Thanks for sharing that.


----------



## LiLRdWgn (Dec 31, 2011)

*Awesome Idea's*



eccentrictinkerer said:


> I just stumbled on a Youtube video that shows a number of router table ideas.
> 
> I don't understand the language, but I like what he's done!
> 
> ...


I wish I could understand also. But I did get some Awesome ideas.


----------



## rrj (Jan 16, 2012)

PADUKE, think the router was a festool. IMO Europe has better equipment, example sliding table saws, etc.


----------



## MEBCWD (Jan 14, 2012)

Thanks J.D.,
I think everyone will probably pick up tips from the videos. I subscribed to the channel so I could look at all the videos they have.
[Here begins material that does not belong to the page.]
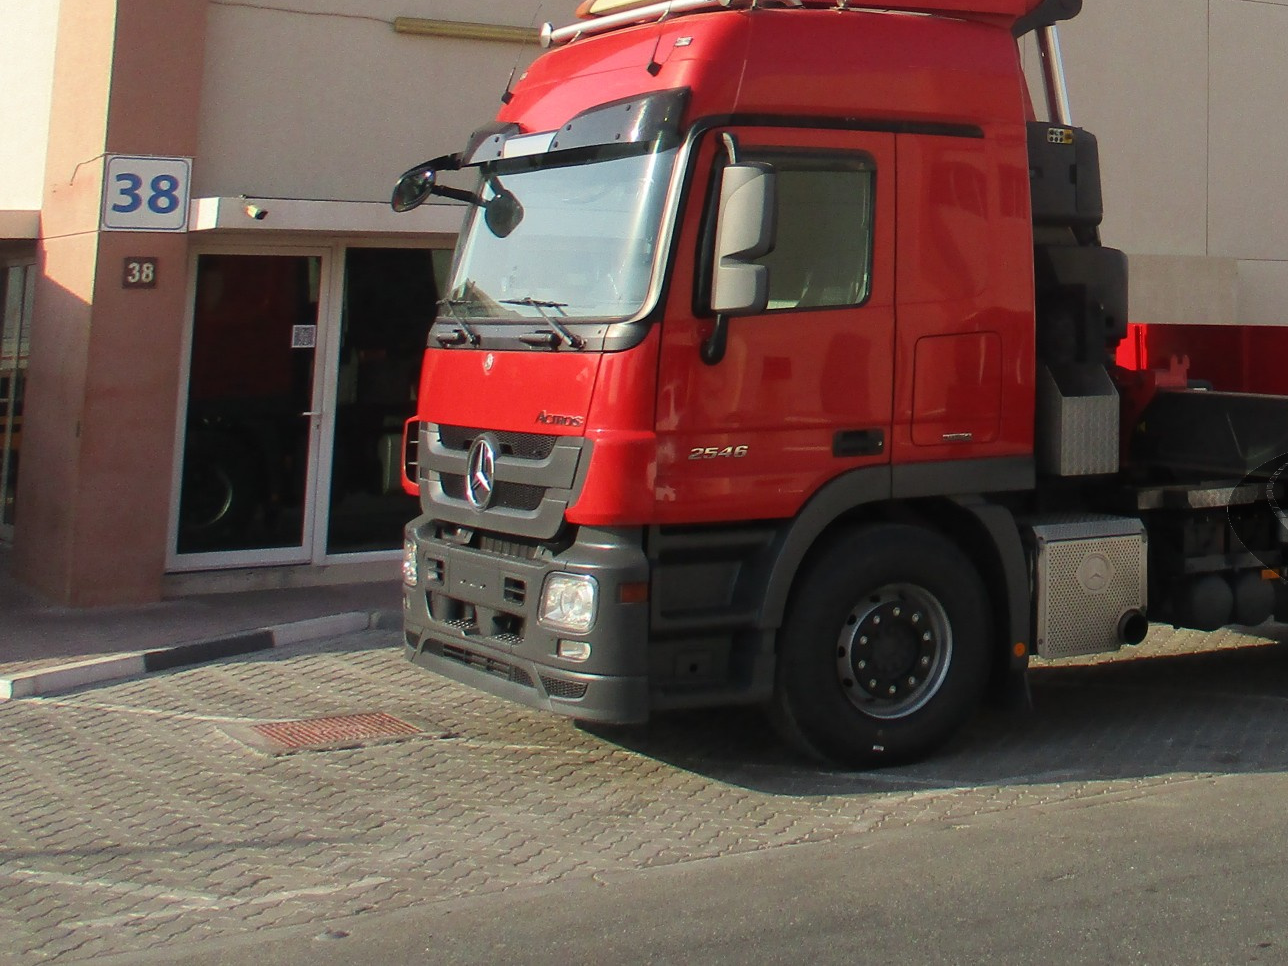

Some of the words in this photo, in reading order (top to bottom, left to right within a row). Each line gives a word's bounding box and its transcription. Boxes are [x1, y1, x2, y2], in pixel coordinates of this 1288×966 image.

[112, 173, 179, 213] 38
[127, 262, 154, 283] 38
[688, 445, 749, 460] 2546
I think the scissor jack lift mechanism looked interesting, it would be worth a try!

Mike


----------



## paduke (Mar 28, 2010)

That was the nicest example of scissors jack I have seen on the forum if you do a community search for scissors jack I'm sure you willl several


----------



## wborn (Mar 9, 2012)

*More ideas from germany*

If you google holzwerken.net (translated woodworking.net) and click on videos and go to page 3 and click on the third video "Der beste Frästisch aller Zeiten ?! " (the best router table of all times) you will get a guided tour of that router table


----------



## wborn (Mar 9, 2012)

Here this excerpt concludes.